_What to do_. Write out every entry exactly as it appears, omitting the pictures.

_Records to use_.
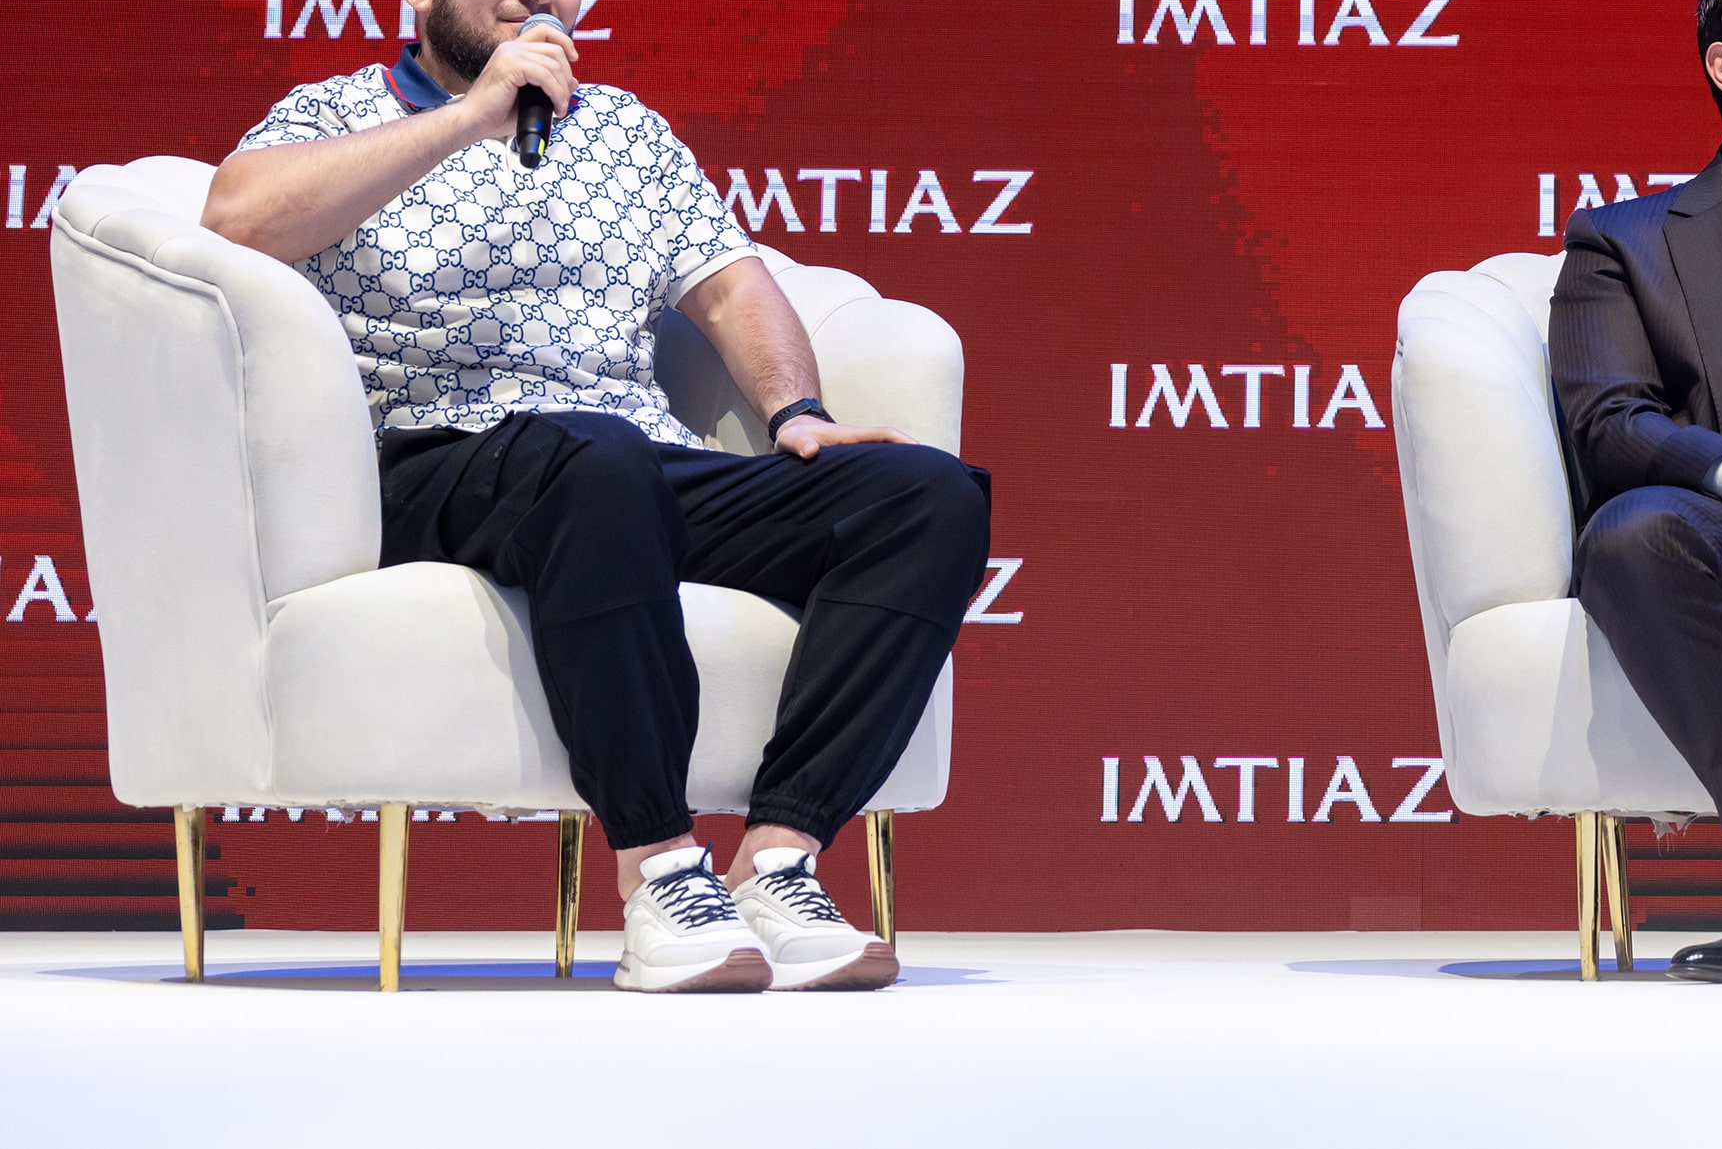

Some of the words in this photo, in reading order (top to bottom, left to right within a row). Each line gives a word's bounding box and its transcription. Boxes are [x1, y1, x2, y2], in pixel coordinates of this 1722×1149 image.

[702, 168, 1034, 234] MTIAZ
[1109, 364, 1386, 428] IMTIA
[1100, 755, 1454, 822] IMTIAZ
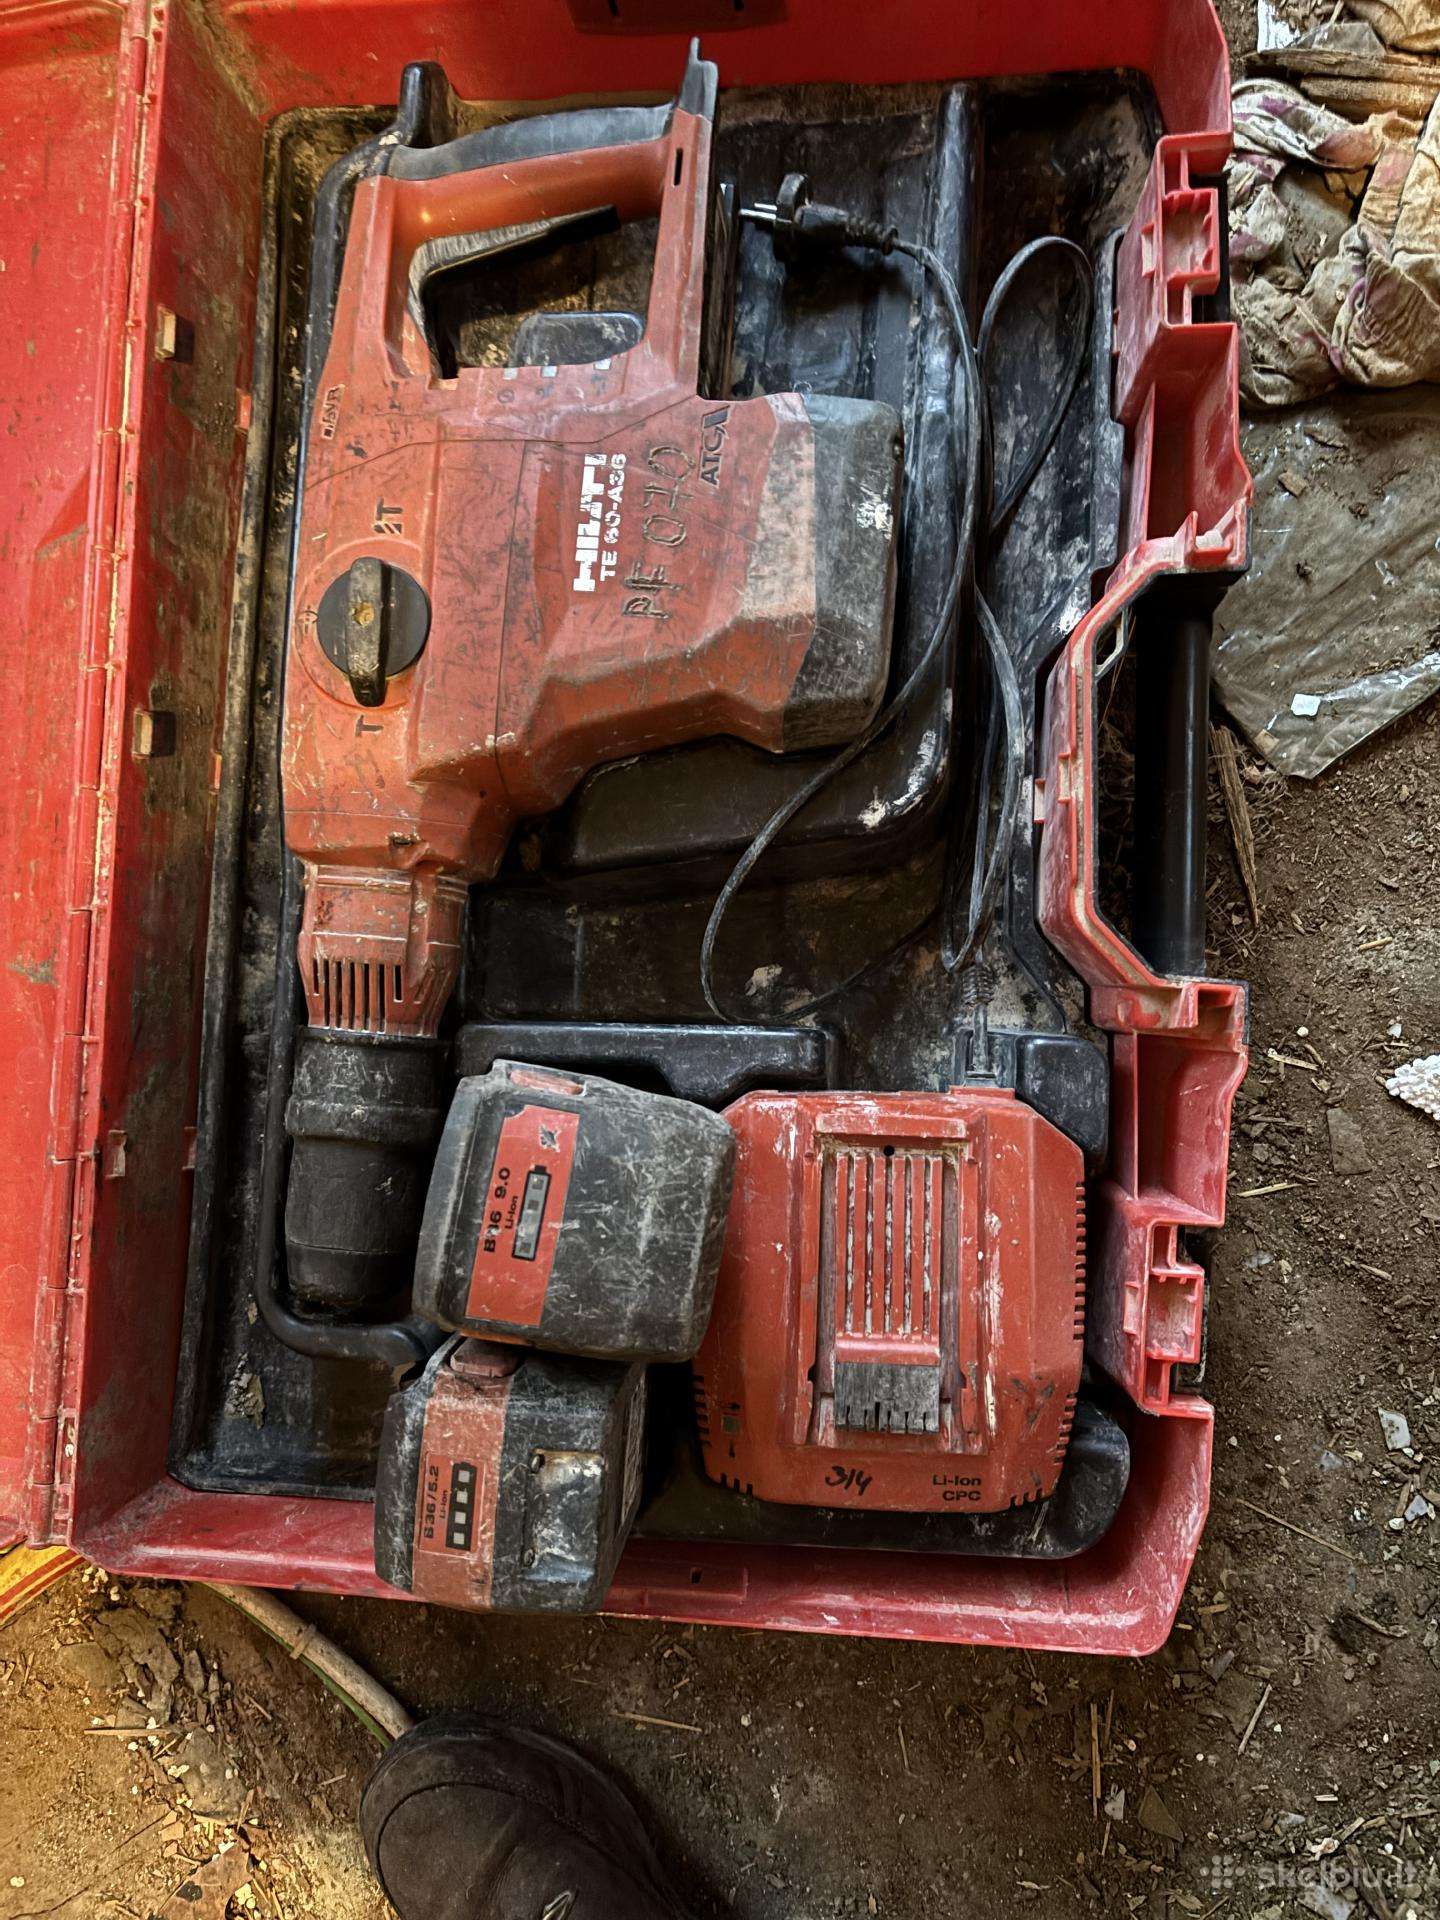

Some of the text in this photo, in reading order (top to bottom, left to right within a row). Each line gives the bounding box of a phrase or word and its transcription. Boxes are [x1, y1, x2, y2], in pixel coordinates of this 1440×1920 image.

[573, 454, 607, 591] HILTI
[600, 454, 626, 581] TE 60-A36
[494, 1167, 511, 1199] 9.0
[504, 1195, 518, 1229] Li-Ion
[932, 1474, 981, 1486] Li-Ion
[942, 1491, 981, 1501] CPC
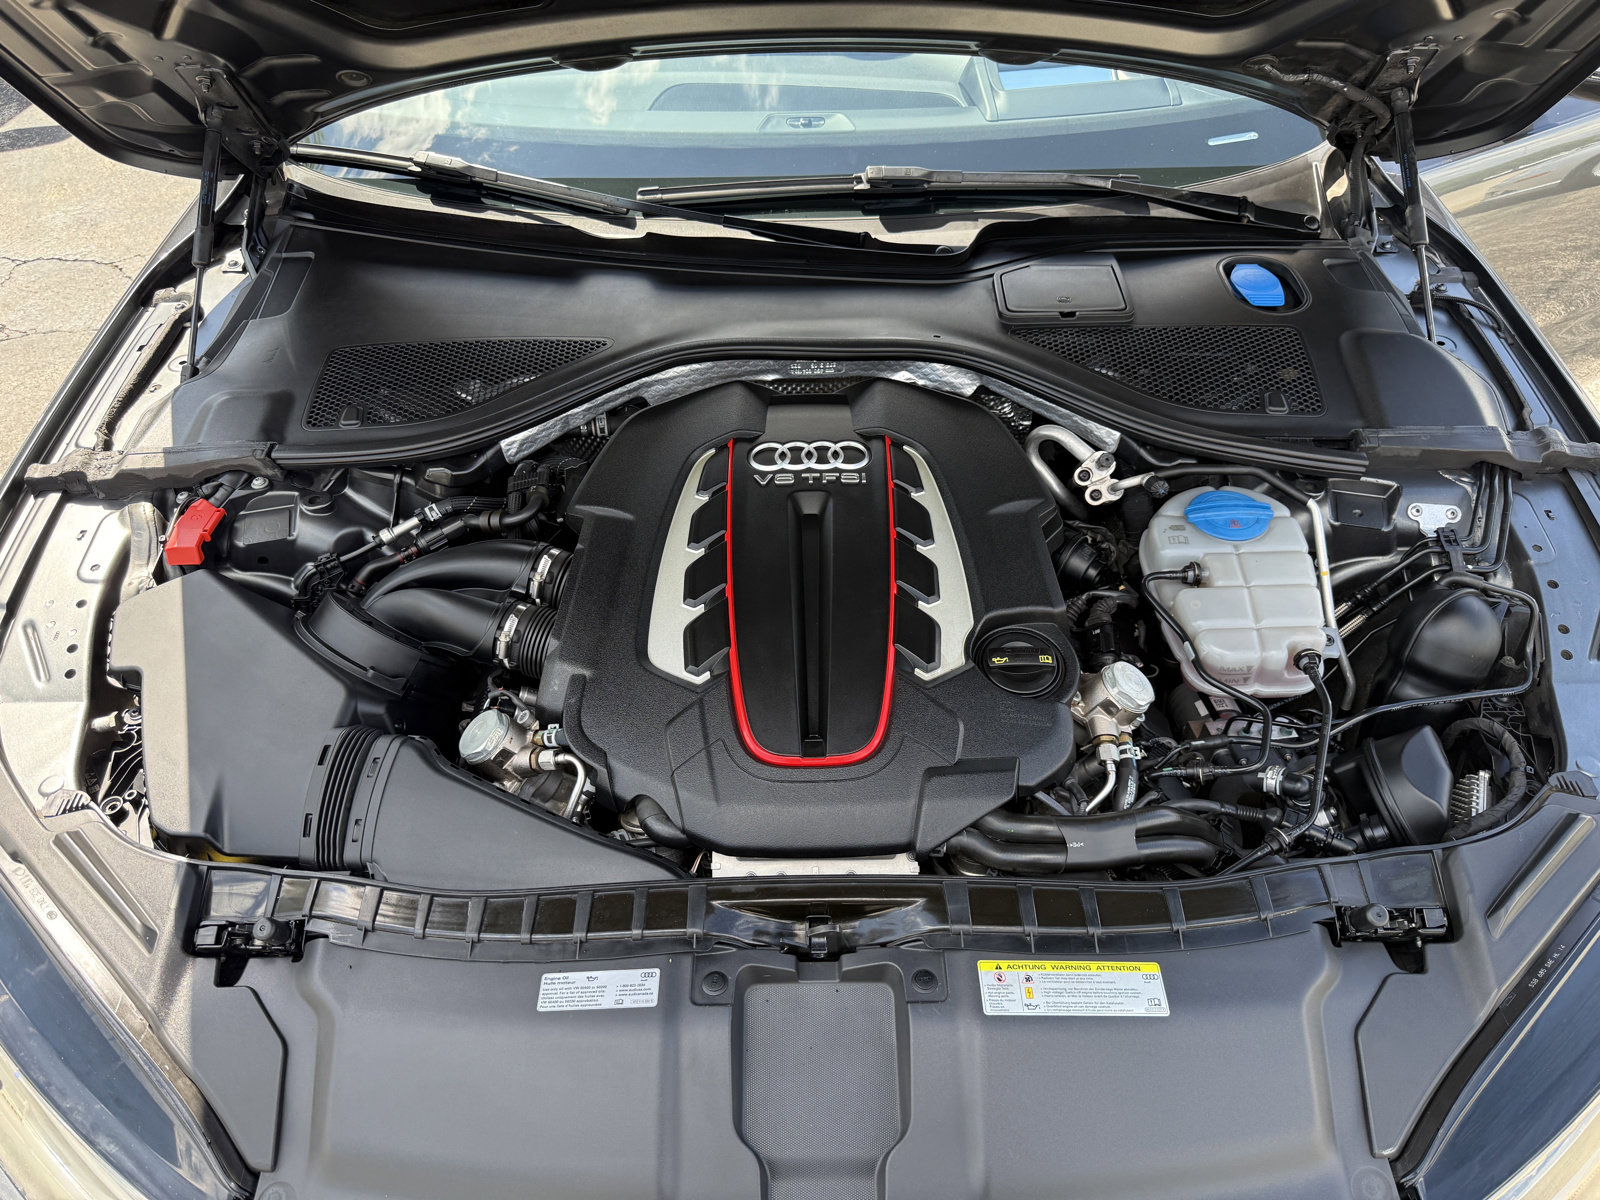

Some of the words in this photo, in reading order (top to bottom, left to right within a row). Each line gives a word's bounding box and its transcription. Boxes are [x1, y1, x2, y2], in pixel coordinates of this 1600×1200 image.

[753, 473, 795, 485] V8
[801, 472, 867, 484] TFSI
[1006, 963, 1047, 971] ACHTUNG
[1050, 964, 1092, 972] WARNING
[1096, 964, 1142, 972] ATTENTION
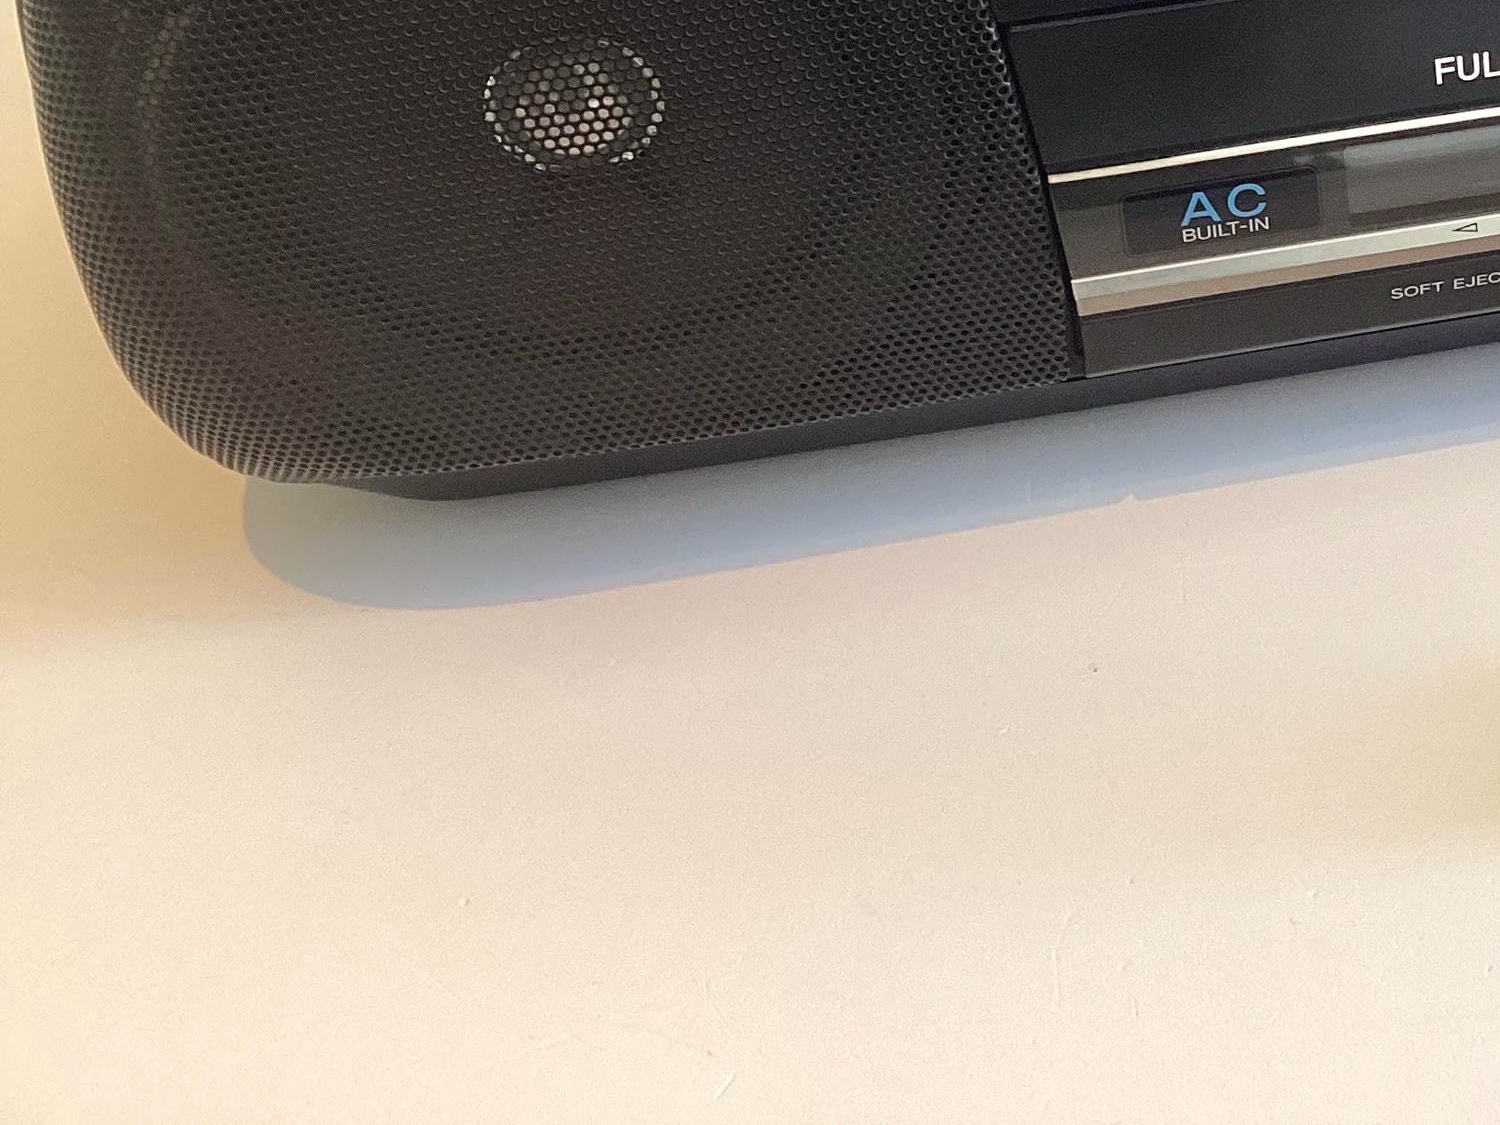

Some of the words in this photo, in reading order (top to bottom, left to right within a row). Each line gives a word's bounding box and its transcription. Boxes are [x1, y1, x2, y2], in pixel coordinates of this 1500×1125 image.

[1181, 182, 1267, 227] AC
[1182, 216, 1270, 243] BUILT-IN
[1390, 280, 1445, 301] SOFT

_Task solution_.
Some of the words in this photo, in reading order (top to bottom, left to right within a row). Each line gives a word's bounding box and its transcription. Boxes are [x1, y1, x2, y2], in pixel coordinates of this 1722×1149 image.

[702, 168, 1034, 234] MTIAZ
[1109, 364, 1386, 428] IMTIA
[1100, 755, 1454, 822] IMTIAZ

Some of the text in this photo, in reading order (top to bottom, left to right within a row). Each line gives the bounding box of a phrase or word and its transcription. Boxes are [x1, y1, x2, y2], in pixel coordinates of this 1440×1920 image.

[573, 454, 607, 591] HILTI
[600, 454, 626, 581] TE 60-A36
[494, 1167, 511, 1199] 9.0
[504, 1195, 518, 1229] Li-Ion
[932, 1474, 981, 1486] Li-Ion
[942, 1491, 981, 1501] CPC

Some of the words in this photo, in reading order (top to bottom, left to right within a row). Each line gives a word's bounding box and its transcription. Boxes are [x1, y1, x2, y2], in pixel coordinates of this 1600×1200 image.

[753, 473, 795, 485] V8
[801, 472, 867, 484] TFSI
[1006, 963, 1047, 971] ACHTUNG
[1050, 964, 1092, 972] WARNING
[1096, 964, 1142, 972] ATTENTION

Some of the words in this photo, in reading order (top to bottom, left to right within a row). Each line gives a word's bounding box and its transcription. Boxes are [x1, y1, x2, y2], in pixel coordinates of this 1500×1125 image.

[1181, 182, 1267, 227] AC
[1182, 216, 1270, 243] BUILT-IN
[1390, 280, 1445, 301] SOFT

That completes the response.